The captain's frown deepened, but he let the ensign lead him to the turbolift, and down into the ship's brig, where dark figures stood behind force-field doors, menacing and silent.

"This one, sir." The ensign indicated one of the drones - a female, Karima thought, human or humanoid, very thin. The drone stood there, looking at him impassively through the field -

No, Karima realized, it wasn't impassive. There was intelligent awareness in the drone's one visible eye, and the mouth was twisted, around its cybernetic implants, into something like a smile - and was that dark stubble, sprouting across its hairless scalp?

"Captain," said the drone. "M' name's Veronika Grau - call me Ronnie, ev'ryone does." She winced, and put one hand to the implant in her mouth. "This's gonna have t'go - makes it hard t'talk."

Karima found his voice. "You're - liberated? Self-aware?"

"Looks like it, doesn' it?"

"But - but how?"

"Lemme tell you," said Ronnie. "See, y'know what th' wors' thing is about th' Collective? Terrible career progression. I was Two of Twelve, secondary adjunct to unimatrix zero seven, an' no matter how well I did th' job, they were never gonna make me One of Twelve. So I quit." The twisted smile broadened. "So, Starfleet got any openings? 'Cause I wanna re-up."

---

"... a pretty long, strange road," said Ronnie. "And no reason to think we've reached the end of it!"

"The Stygmalian Rift is closed," said Saval.

Ronnie made an expansive gesture, nearly knocking over the table. "One door closes, another opens. Or rift. Whatever." She looked thoughtfully at the Vulcan. "So why'd you come back to Starfleet, anyway?" she asked.

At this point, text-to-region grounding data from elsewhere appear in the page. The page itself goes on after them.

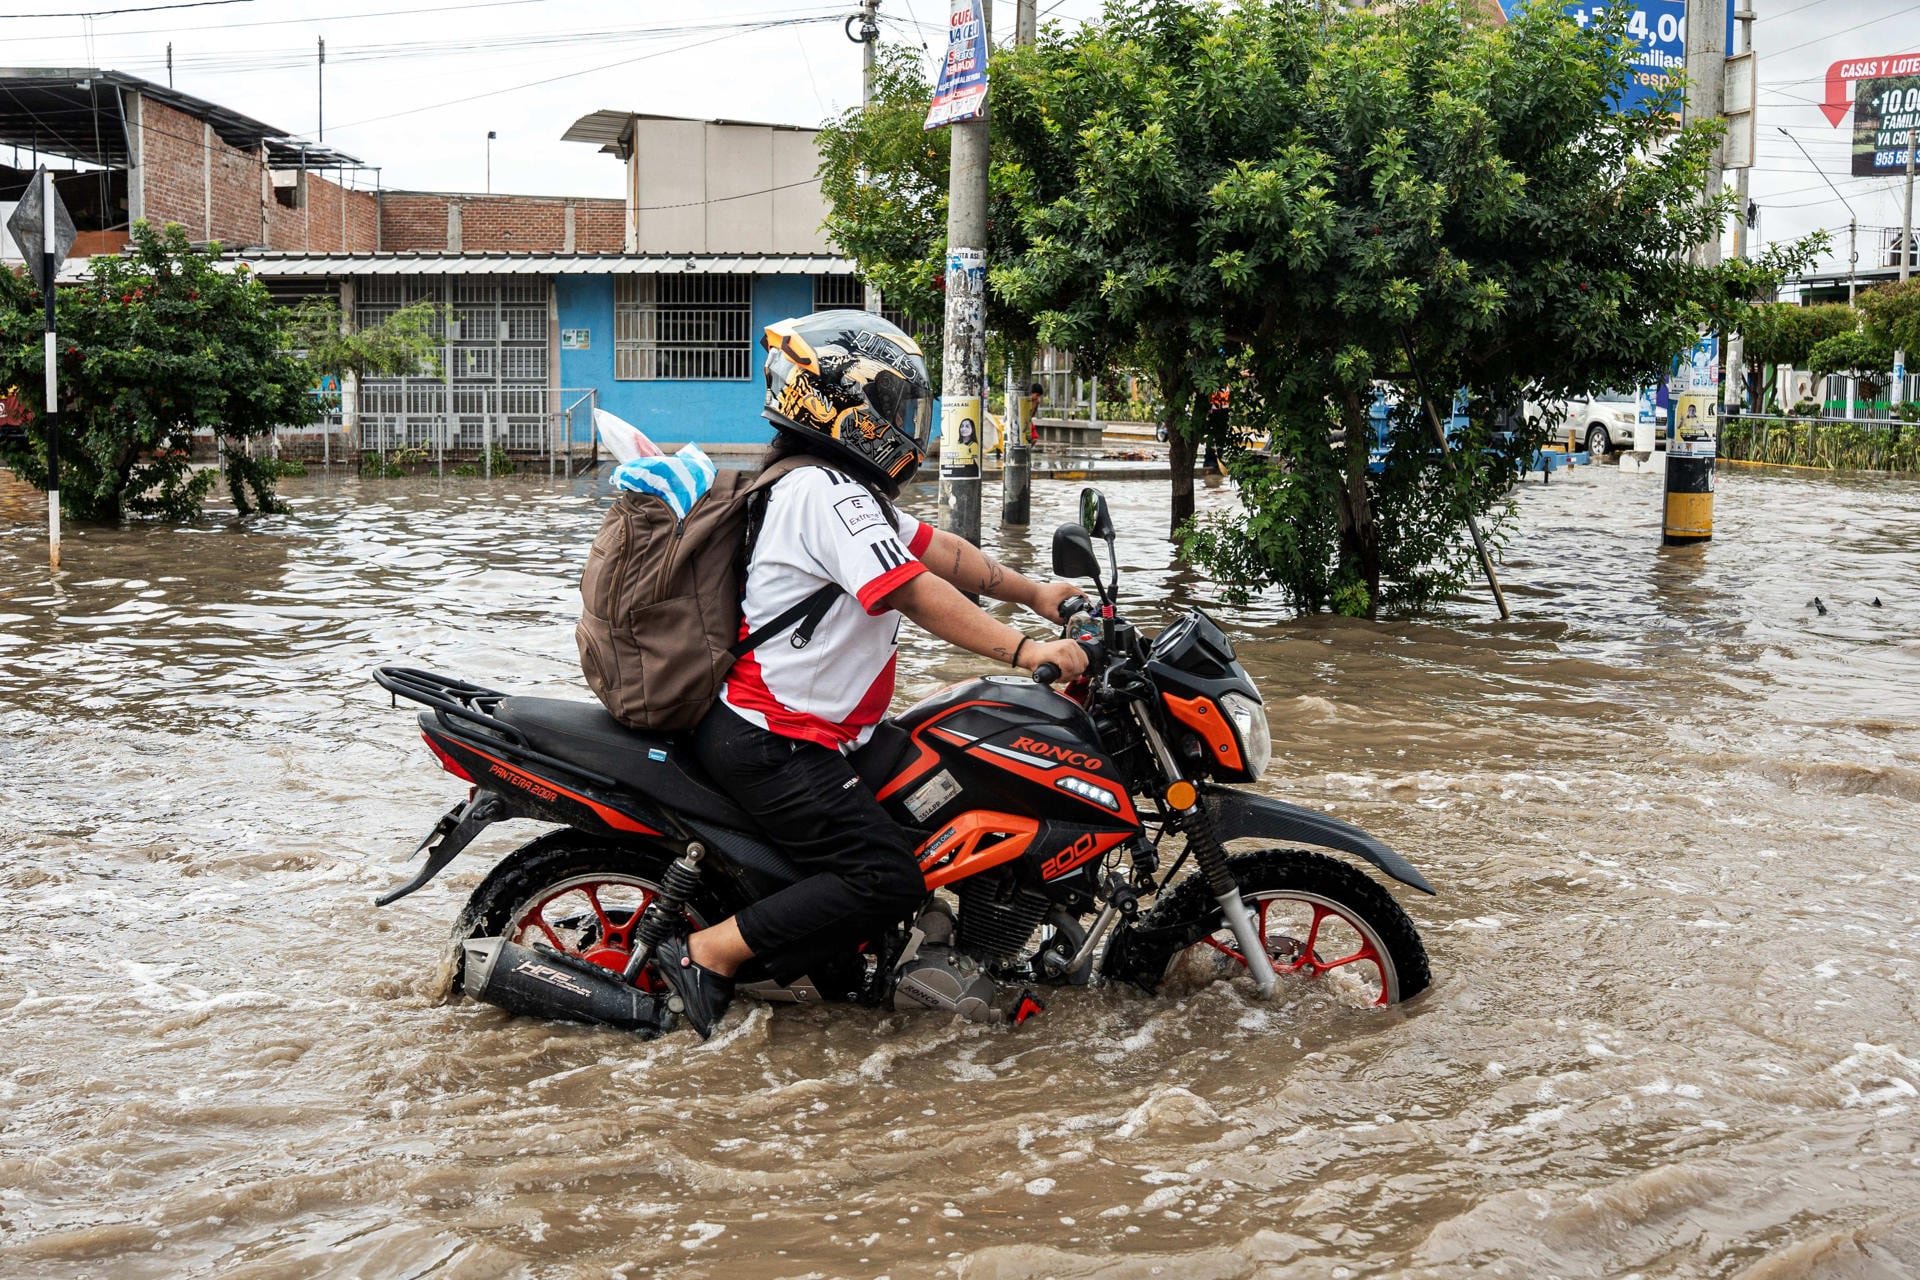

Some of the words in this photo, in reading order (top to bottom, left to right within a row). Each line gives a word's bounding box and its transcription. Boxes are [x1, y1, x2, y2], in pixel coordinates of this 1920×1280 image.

[1841, 61, 1877, 78] CASAS
[1881, 60, 1889, 75] Y
[1892, 57, 1920, 74] LOTE
[1871, 88, 1920, 114] +10,0
[1877, 132, 1891, 147] YA
[1876, 151, 1894, 166] 955
[1009, 736, 1103, 770] RONCO
[488, 764, 532, 791] PANTERA
[530, 784, 559, 802] 200R
[1041, 833, 1093, 880] 200
[905, 985, 940, 1005] RONCO

"I... felt an obligation," said Saval. "When I learned that you had been liberated from the Collective, I considered my position, and I decided that I owed you my service. It was, after all, my error which -"

"No," said Ronnie, "that was my fault, I rushed you. My mistake. I've learned from it, and next time you tell me you need more data, I'll take your advice."

"Thank you, sir."

"Advice on science, that is. Advice on personal grooming, not a chance. Those whiskers are terrible."

Tallasa laughed. After a moment, Saval smiled. "It is a matter of personal taste, sir."

"I don't want to know what they taste like." Ronnie took another swallow of Aldebaran whisky. "Anyway. Here we all are, and off on the Virtue soon as they let her out of spacedock, and I don't want to hear any more cracks about how that's the wrong name for my ship, OK? Just got a few chores to do Earth-side, admin, and the Academy - and then we're off into the wild black yonder." She took a deep breath. She was going to sing again, Saval realized with a sinking feeling.

Well, he thought, I do owe you a service - vice Admiral. And, also... perhaps I will get to find out what you saw.